Class 4

Author

Simon Vandekar

Objectives:

Learn about jointly distributed random variables
Learn to use probability to think about data
Learn to construct a confidence interval and test statistic

Review of mean and expectation

Let’s find the mean and variance of a Bernoulli random variable.
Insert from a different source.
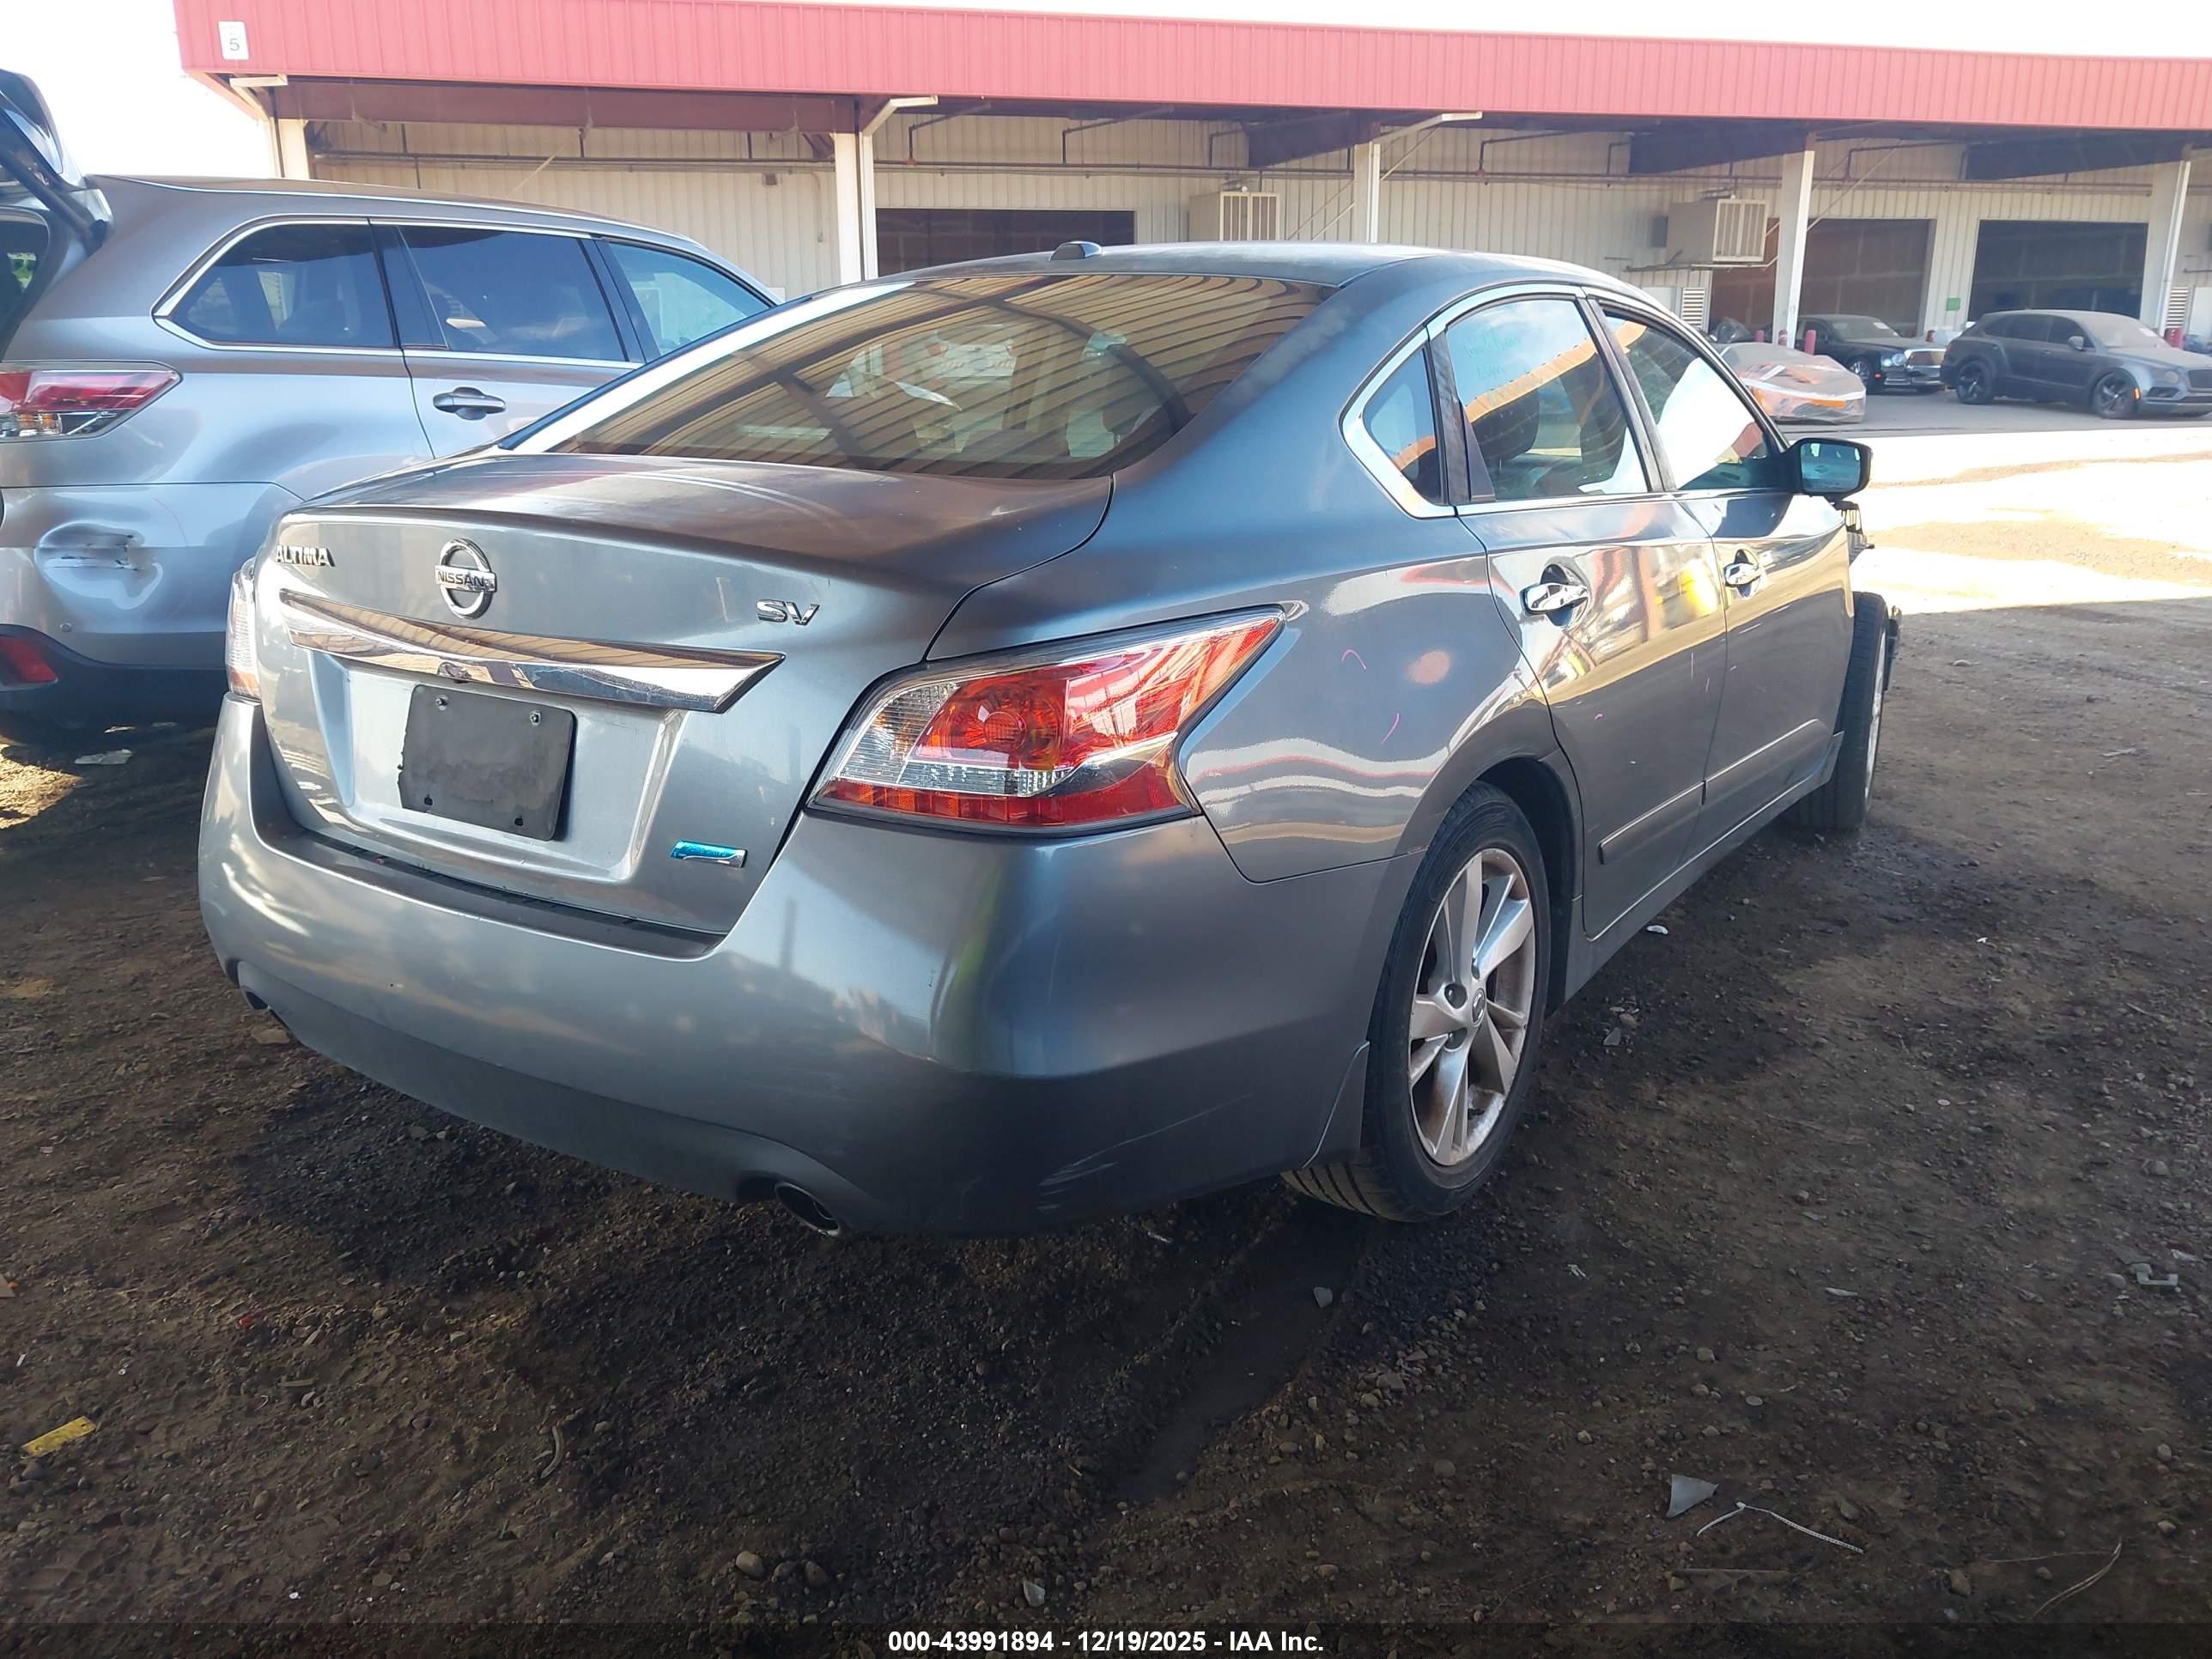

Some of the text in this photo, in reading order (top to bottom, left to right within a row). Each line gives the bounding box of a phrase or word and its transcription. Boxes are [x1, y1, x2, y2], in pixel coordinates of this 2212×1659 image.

[229, 38, 240, 52] 5
[276, 544, 336, 568] ALTIMA
[437, 570, 485, 587] NISSAN
[756, 599, 820, 626] SV
Jointly distributed random variables

Jointly distributed random variables describe the probability of two things occurring. In the insurance dataset, we can consider the probability of having a certain number of children living in a certain area.

Code

library(RESI) # contains insurance dataset

Registered S3 method overwritten by 'clubSandwich':
  method    from    
  bread.mlm sandwich

Code

childByRegion = table(insurance$region, insurance$children)
childByRegion = childByRegion/sum(childByRegion)
knitr::kable(round(childByRegion, 2))

	0	1	2	3	4	5
northeast	0.11	0.06	0.04	0.03	0.01	0.00
northwest	0.10	0.06	0.05	0.03	0.00	0.00
southeast	0.12	0.07	0.05	0.03	0.00	0.00
southwest	0.10	0.06	0.04	0.03	0.01	0.01

Let X be a random variable denoting number of children
- Is it categorical/continuous/ordinal?
Let Y be a random variable denoting region
- Is it categorical/continuous/ordinal?
joint distribution is a function of both variables \mathbb{P}(X=x, Y=y) = f(x,y).
Questions about regional differences and number of children can be determined from the table
What is the probability of having zero kids and living in the east?
What is the probability of having zero kids?

Marginal probabilites

Marginal probabilities are the probability of something occurring for one of the random variables, ignoring the other one.
It’s called marginal, because you just add all the probabilities in the row or column and write it in the margin.

Conditional probabilities

Conditional probabilities are to express statements dependent on something happening.
Conditional probabilities are written \mathbb{P}(X=x \mid Y=y)
- What is the probability of having three or more kids given living in the southeast? \mathbb{P}(X\ge 3 \mid Y=\text{``southeast"} )
- What is the probability of living in the Northeast if you have one child?
Conditional probability can be computed from the joint distribution \mathbb{P}(X=x\mid Y=y) = \mathbb{P}(X=x, Y=y)/\mathbb{P}(Y=y)

Code

condTab = sweep(childByRegion, 1, rowSums(childByRegion), FUN = '/')
knitr::kable(round(condTab, 2))

	0	1	2	3	4	5
northeast	0.45	0.24	0.16	0.12	0.02	0.01
northwest	0.41	0.23	0.20	0.14	0.02	0.00
southeast	0.43	0.26	0.18	0.10	0.01	0.02
southwest	0.42	0.24	0.18	0.11	0.02	0.02

Code

barplot(condTab, main='Conditional probabilities', ylab='Probability', xlab='Number of children', beside=T, col=cols[1:nrow(condTab)])
legend('topright', fill=cols[1:nrow(condTab)], legend=rownames(condTab), bty='n' )

Conditional expectations

One you have conditional probabilities, you can do all the same stuff with it that you would do with a regular random variable
For example, \mathbb{E}(X \mid Y) = \sum_{x} x f_{X\mid Y}(x \mid y)

Independence

Two random variables are independent if they factor \mathbb{P}(X=x, Y=y) = \mathbb{P}(X=x)\mathbb{P}(Y=y) for all possible values of x and y.
Intuitively, this means that fixing one variable doesn’t affect the distribution of the other.
Another way to express it is that \mathbb{P}(X=x\mid Y=y) = \mathbb{P}(X=x).
The table is pretty close to independent.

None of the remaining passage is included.